Yu et al. utilized the GlobalStd algorithm and structure/reaction directed analysis in a linear mixed model to identify differences between sampling methods (in vivo SPME vs. ex vivo SPME vs. solid–liquid extraction (SLE)) and storage conditions (storage on fiber vs. storage of SPME and SLE extracts under different temperatures and storage times) [11]. In addition to examining changes at the molecular level, the authors also assessed the influence of the above-mentioned factors at the reaction level. The study was performed using fish muscle and the analysis was focused on the detection of unstable species. Yu et al.’s findings revealed that ex vivo and in vivo SPME captured similar metabolic profiles, and that distinct differences were observable in 13 and 14 metabolites only when on-fiber storage and extract storage (desorption solvent with desorbed analytes) were used, respectively. When subsequently compared SLE to ex vivo, in vivo with on-fiber storage, and in vivo with extract storage, the numbers of analytes were 254, 223, and 253, respectively. While this result can be explained by the different fundamentals of the tested methods (i.e., exhaustive vs. non-exhaustive extraction), the authors did not specify which compounds contributed to the discrepancies.
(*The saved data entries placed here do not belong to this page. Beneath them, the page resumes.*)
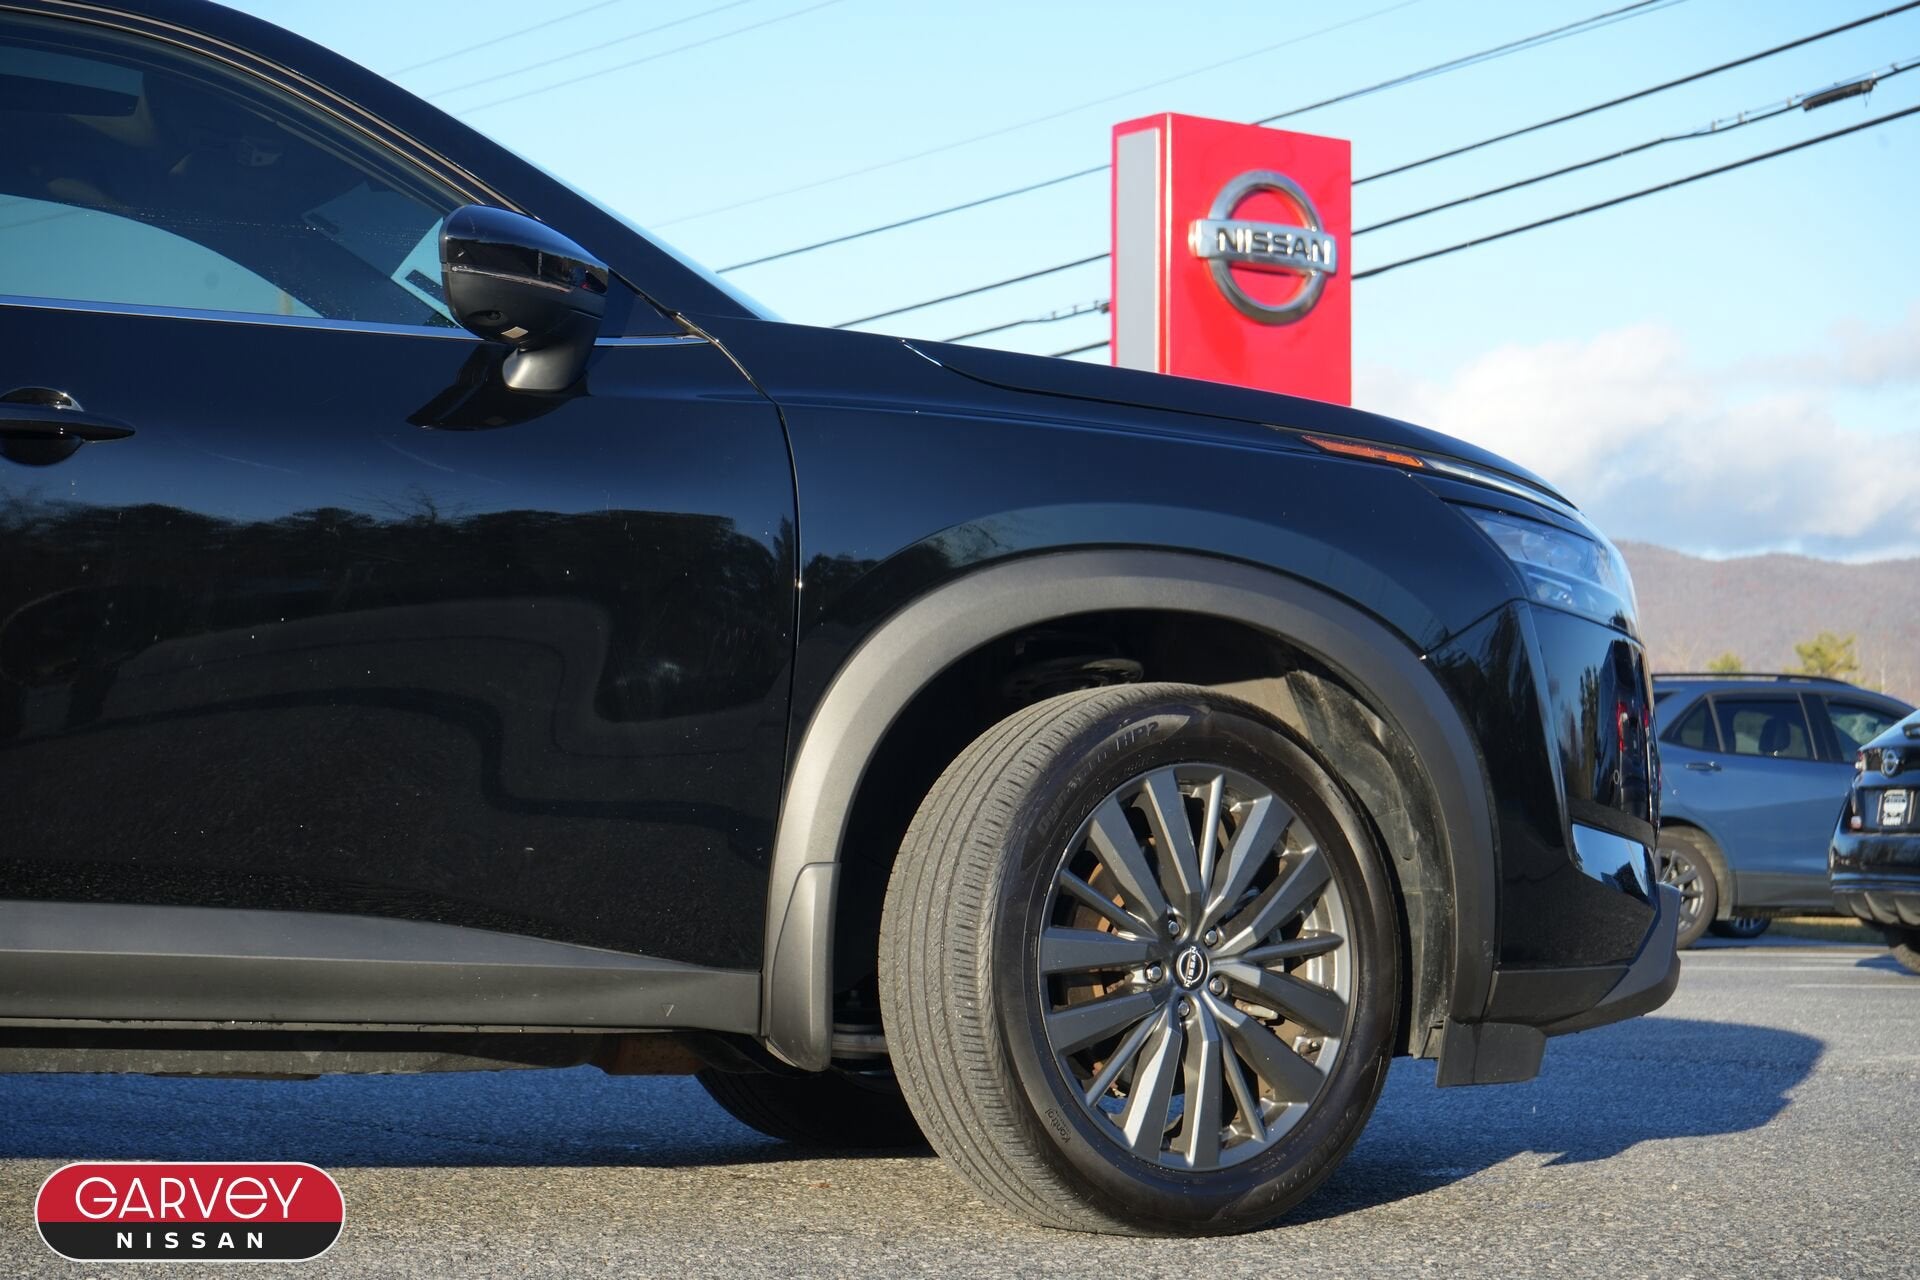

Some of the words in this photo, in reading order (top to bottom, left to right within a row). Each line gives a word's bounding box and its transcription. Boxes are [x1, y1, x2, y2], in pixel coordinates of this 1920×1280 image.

[1216, 227, 1332, 265] NISSAN
[1183, 945, 1197, 988] NISSAN
[1045, 1108, 1071, 1143] Kontrol
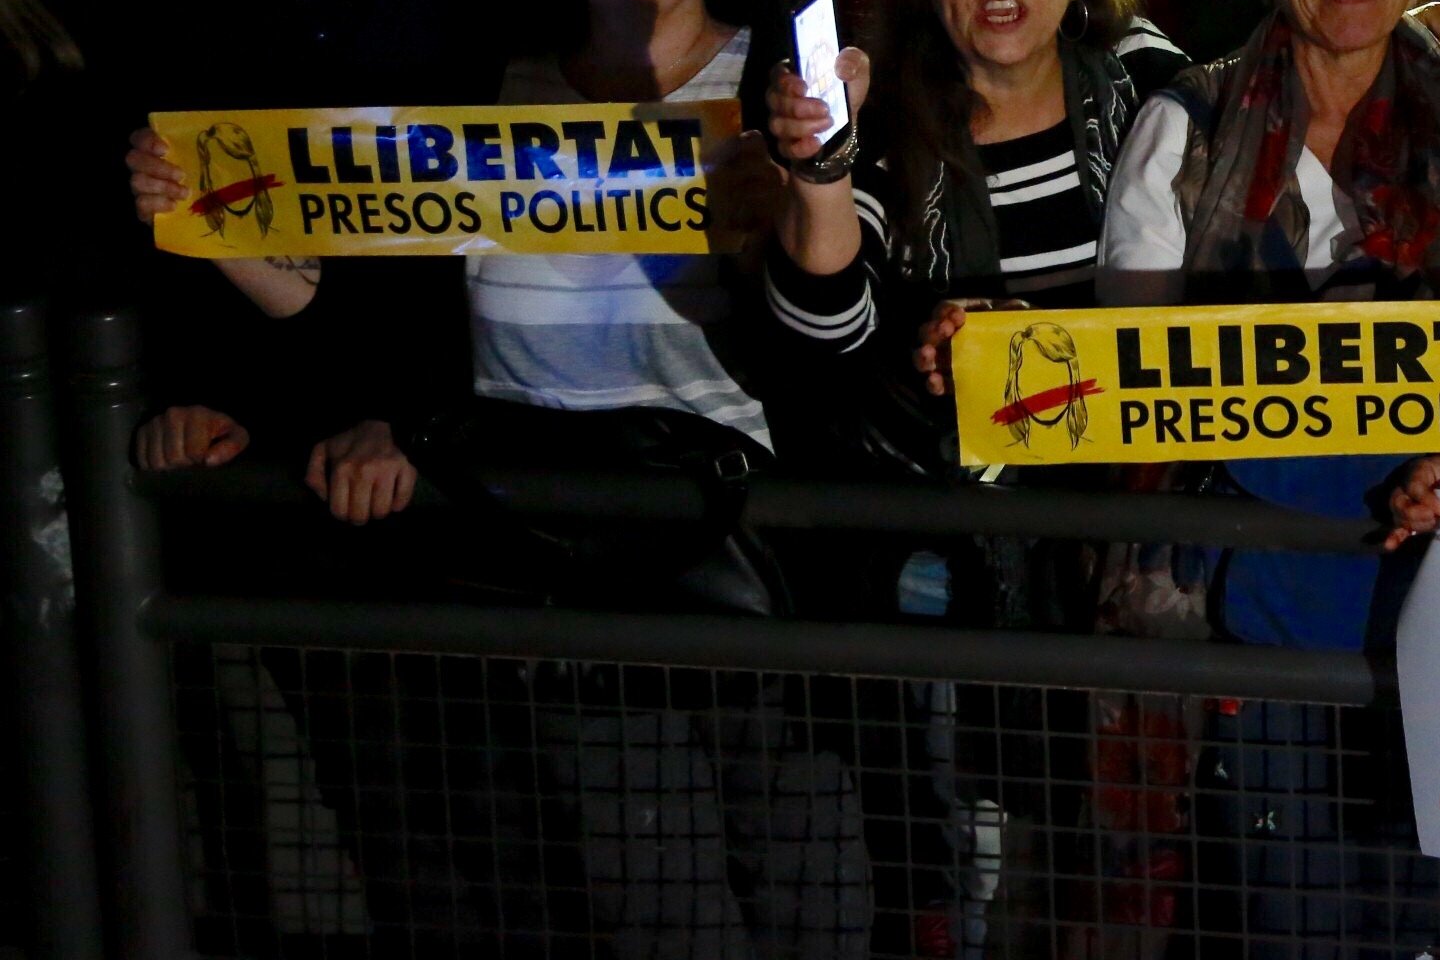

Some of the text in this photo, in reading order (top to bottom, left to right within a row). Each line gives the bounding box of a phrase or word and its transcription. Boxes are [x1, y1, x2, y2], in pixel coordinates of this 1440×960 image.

[286, 118, 703, 184] LLIBERTAT
[300, 178, 711, 235] PRESOS POLÍTICS
[1121, 393, 1332, 444] PRESOS
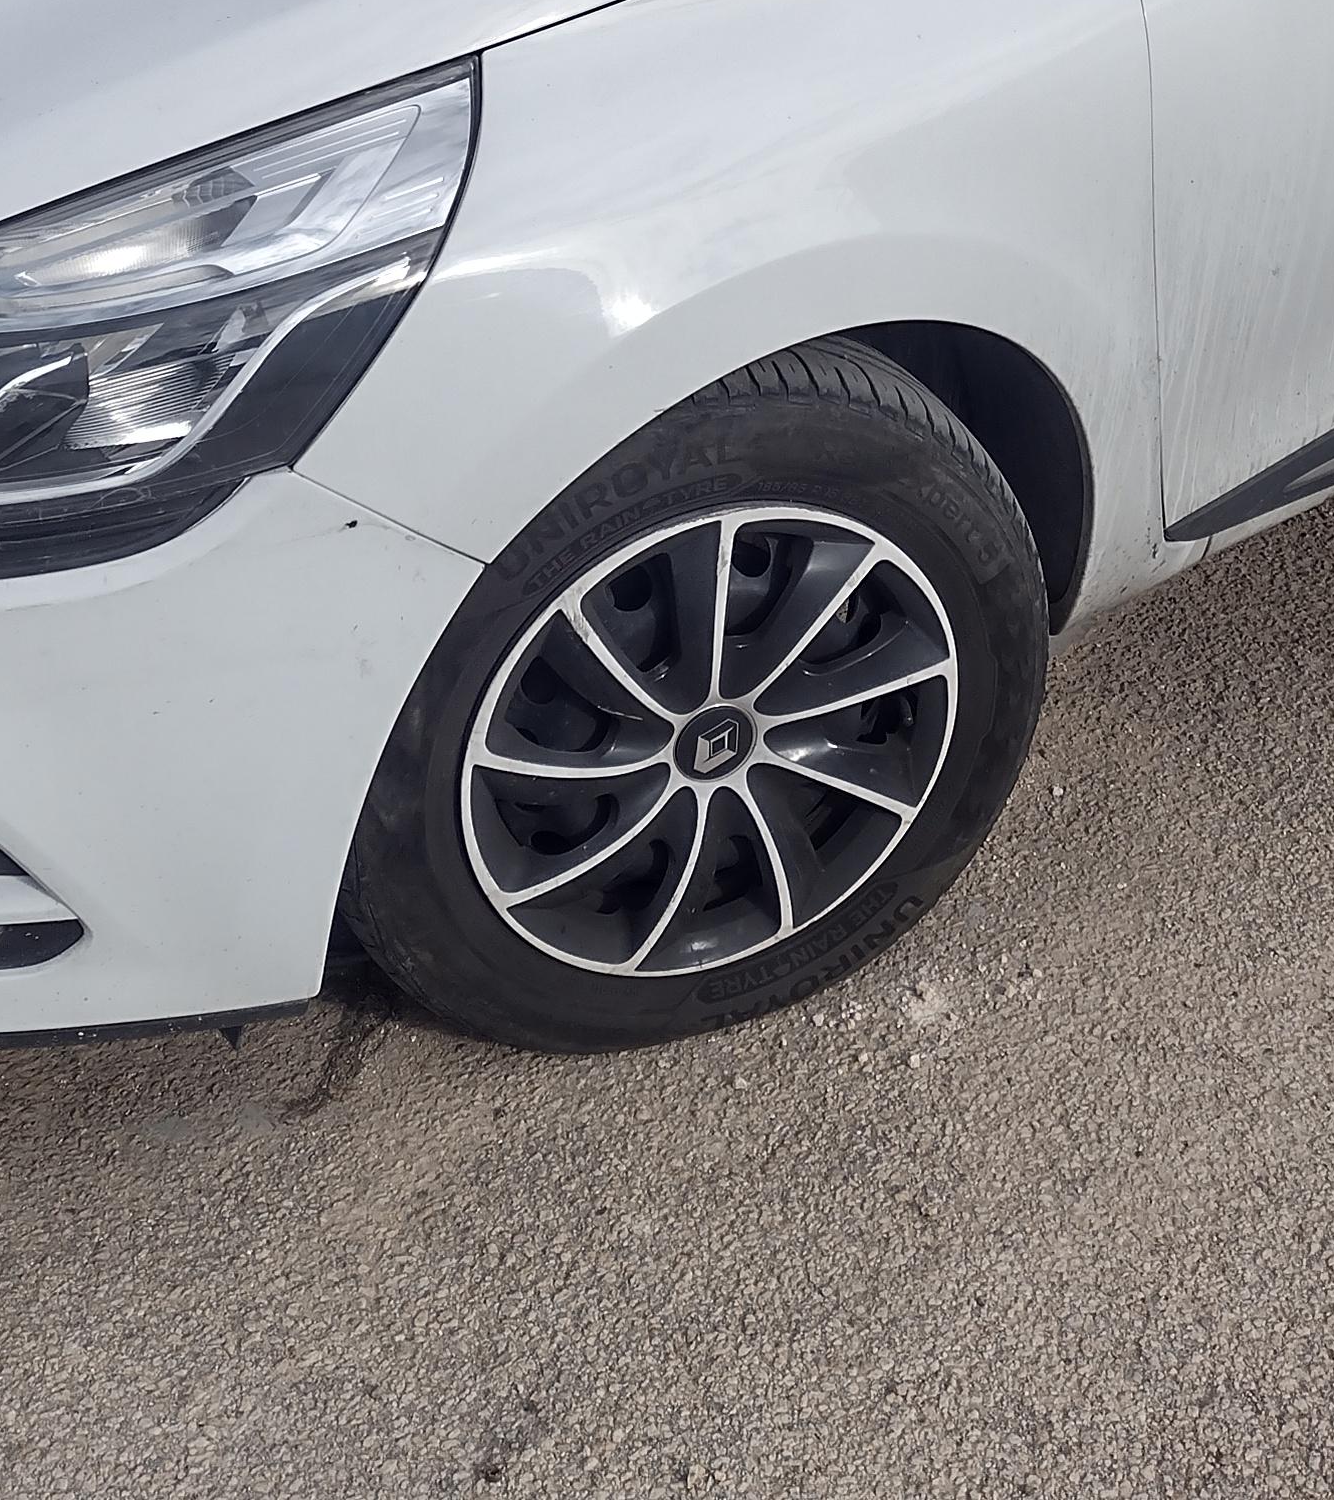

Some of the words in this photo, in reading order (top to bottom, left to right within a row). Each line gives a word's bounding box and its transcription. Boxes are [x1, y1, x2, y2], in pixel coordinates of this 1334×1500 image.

[494, 430, 743, 581] UNIROYAL
[529, 550, 579, 588] THE
[580, 506, 642, 549] RAIN
[667, 475, 729, 505] TYRE
One important practical observation was that none of the tested analyte-storage strategies (i.e., on-fiber and in extract) had a noticeable effect on the metabolic profile. Rather, storage time (1, 3, 7, 14, 30 days) was found to have the most significant impact on the studied metabolome, while the impact of temperature (− 80 °C, − 20 °C, and 4 °C) was negligible. At the reaction level, the observed changes were largely related to lipids (e.g., the opening or forming of a double bond or the loss of two carbon atoms). Interestingly, the authors stated that it is possible to quantify unstable species based on reaction-level changes without identifying them. This is a very important development, as available databases lack vast information about transient metabolites. The ability to perform sampling in vivo and to monitor changes at the reaction level opens new opportunities to identify unrevealed portions of the metabolome and biochemical pathways.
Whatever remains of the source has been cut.